**Spatial localization data:**
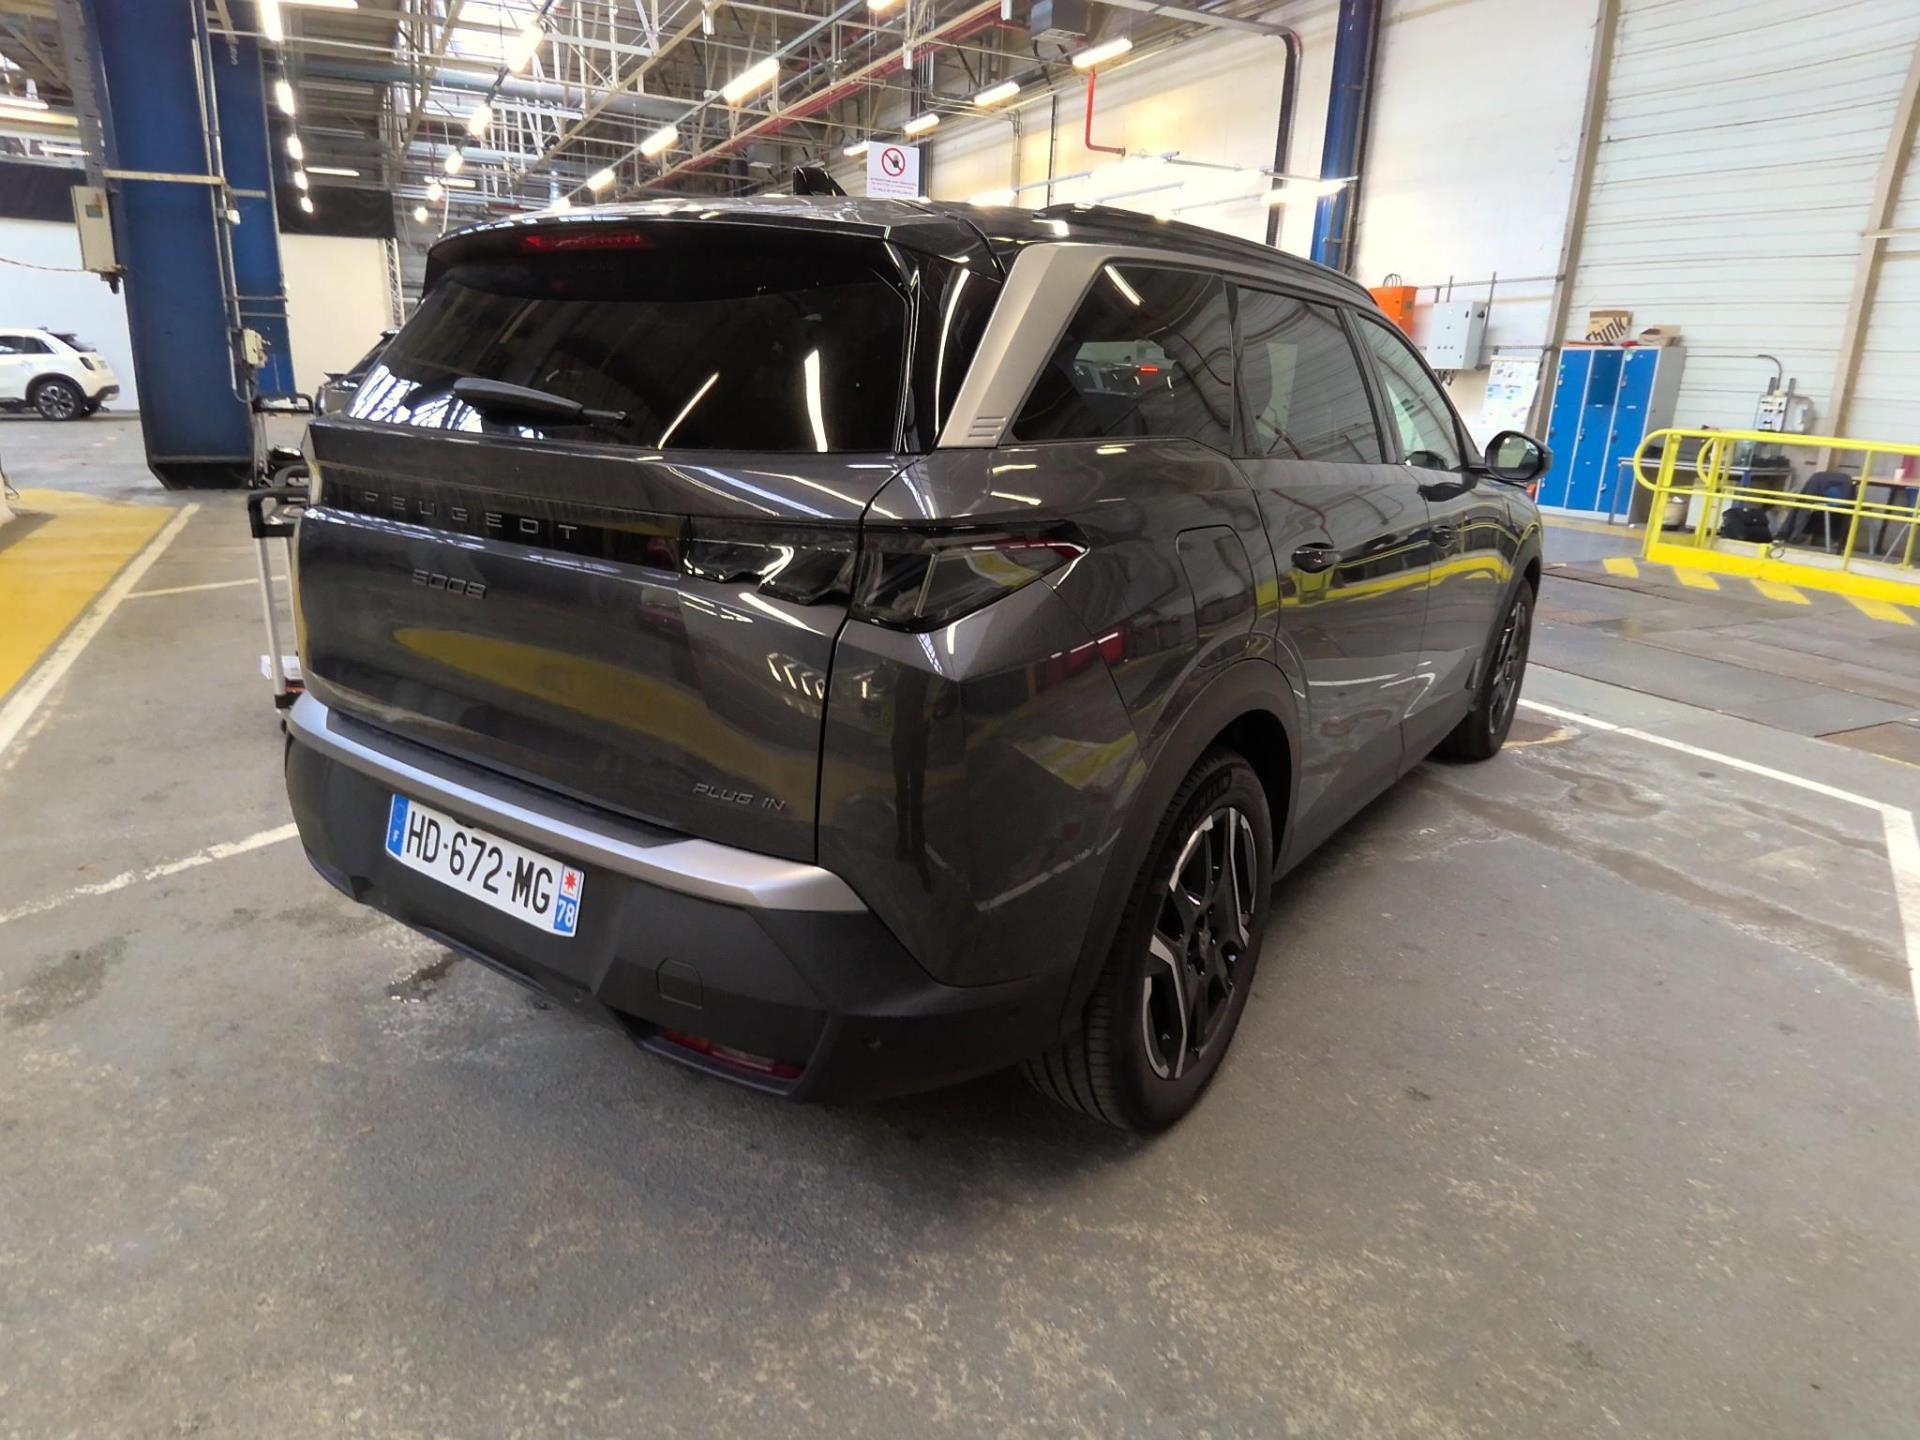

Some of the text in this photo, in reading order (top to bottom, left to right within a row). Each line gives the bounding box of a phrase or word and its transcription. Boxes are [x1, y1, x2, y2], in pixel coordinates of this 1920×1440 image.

[363, 491, 578, 540] PEUGEOT
[412, 568, 487, 600] 5008
[692, 782, 786, 811] PLUG IN
[392, 828, 401, 844] F
[406, 810, 554, 915] HD-672-MG
[557, 898, 576, 928] 78
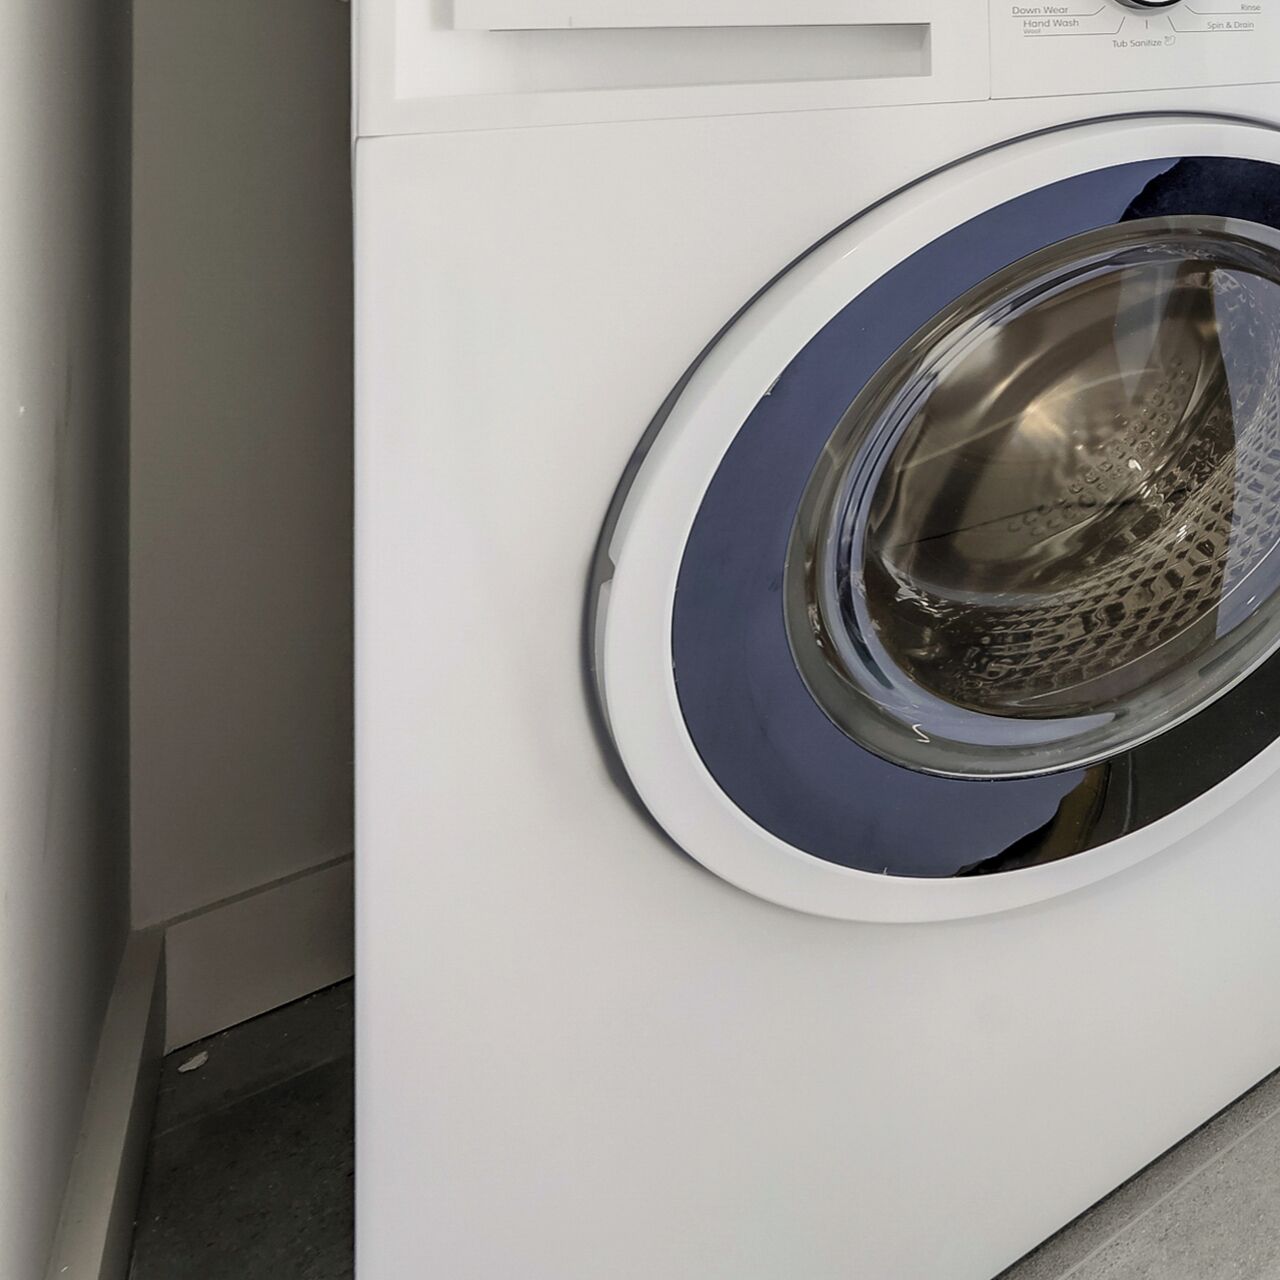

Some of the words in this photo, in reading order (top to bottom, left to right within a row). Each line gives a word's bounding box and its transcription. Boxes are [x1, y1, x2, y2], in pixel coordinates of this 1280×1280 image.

[1012, 6, 1041, 14] Down
[1043, 6, 1068, 14] Wear
[1024, 20, 1050, 28] Hand
[1053, 19, 1079, 27] Wash
[1113, 40, 1128, 48] Tub
[1130, 39, 1162, 47] Sanitize
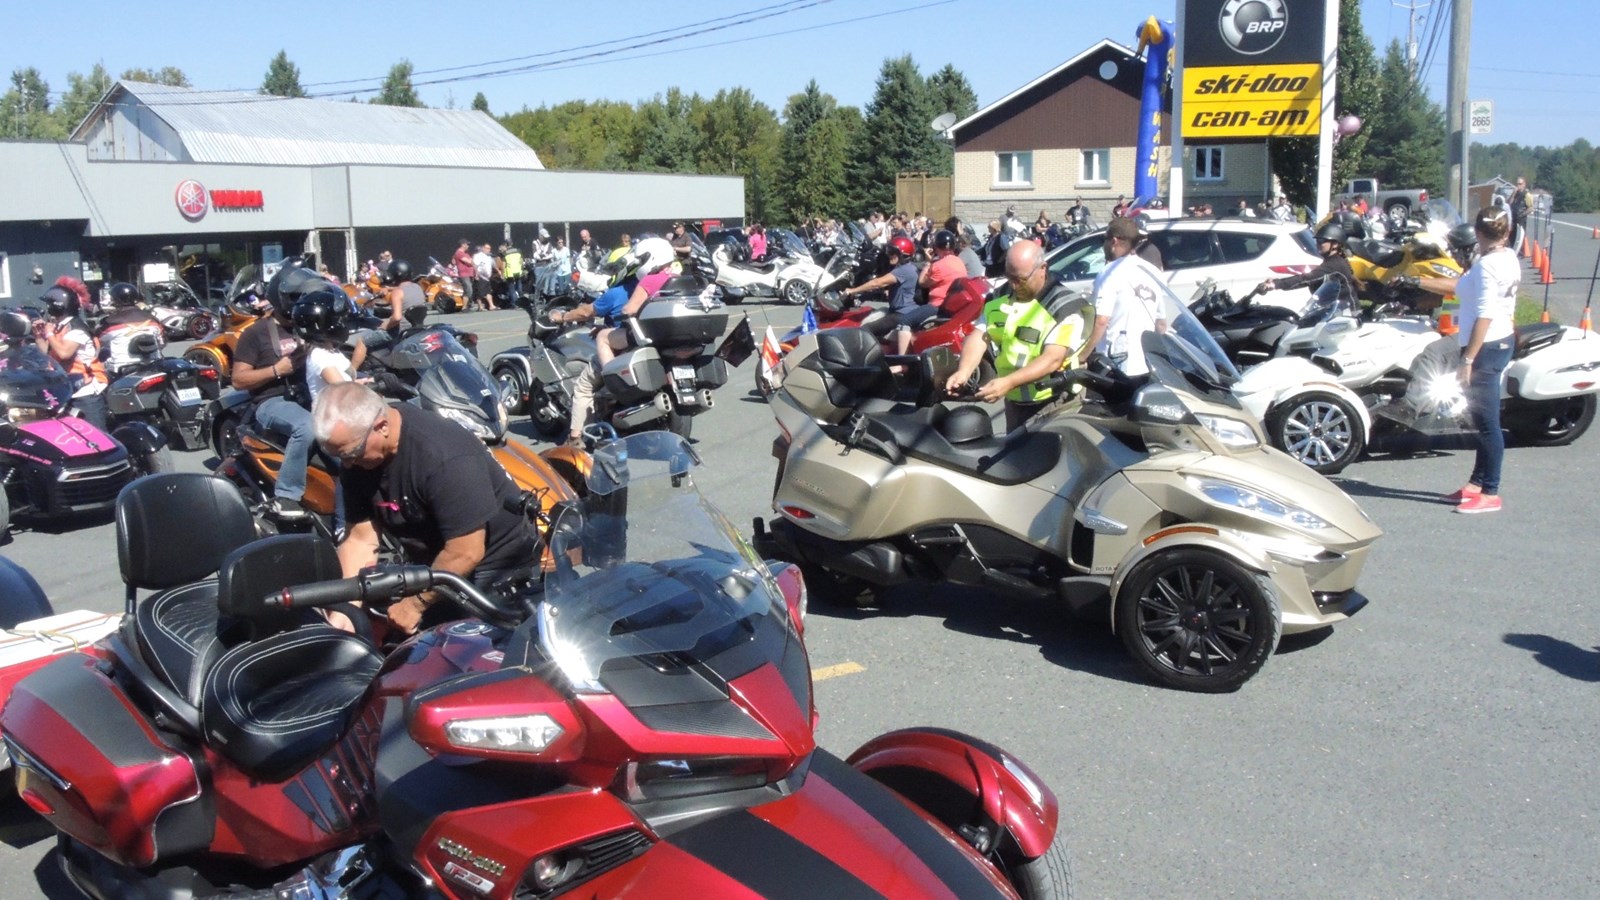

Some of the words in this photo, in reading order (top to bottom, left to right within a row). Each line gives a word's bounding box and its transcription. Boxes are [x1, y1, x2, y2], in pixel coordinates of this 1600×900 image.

[1246, 21, 1284, 33] BRP
[1194, 73, 1309, 95] ski-doo
[1191, 109, 1309, 128] can-am
[1472, 116, 1490, 127] 2665

**EXERCISE OBJECTIVE:** The answer must match the entries above line for line, with the pictures dropped.

**ANSWER TO THIS TASK:**
Some of the text in this photo, in reading order (top to bottom, left to right within a row). Each line gives the bounding box of a phrase or word and its transcription. Boxes are [x1, y1, x2, y2], in pixel coordinates of this 1920×1440 image.

[363, 491, 578, 540] PEUGEOT
[412, 568, 487, 600] 5008
[692, 782, 786, 811] PLUG IN
[392, 828, 401, 844] F
[406, 810, 554, 915] HD-672-MG
[557, 898, 576, 928] 78

Some of the words in this photo, in reading order (top to bottom, left to right within a row). Each line gives a word's bounding box and its transcription. Boxes are [x1, y1, x2, y2], in pixel coordinates of this 1280×1280 image.

[1012, 6, 1041, 14] Down
[1043, 6, 1068, 14] Wear
[1024, 20, 1050, 28] Hand
[1053, 19, 1079, 27] Wash
[1113, 40, 1128, 48] Tub
[1130, 39, 1162, 47] Sanitize

Some of the words in this photo, in reading order (top to bottom, left to right within a row). Each line gives a word's bounding box and its transcription. Boxes are [x1, y1, x2, y2], in pixel coordinates of this 1600×900 image.

[1246, 21, 1284, 33] BRP
[1194, 73, 1309, 95] ski-doo
[1191, 109, 1309, 128] can-am
[1472, 116, 1490, 127] 2665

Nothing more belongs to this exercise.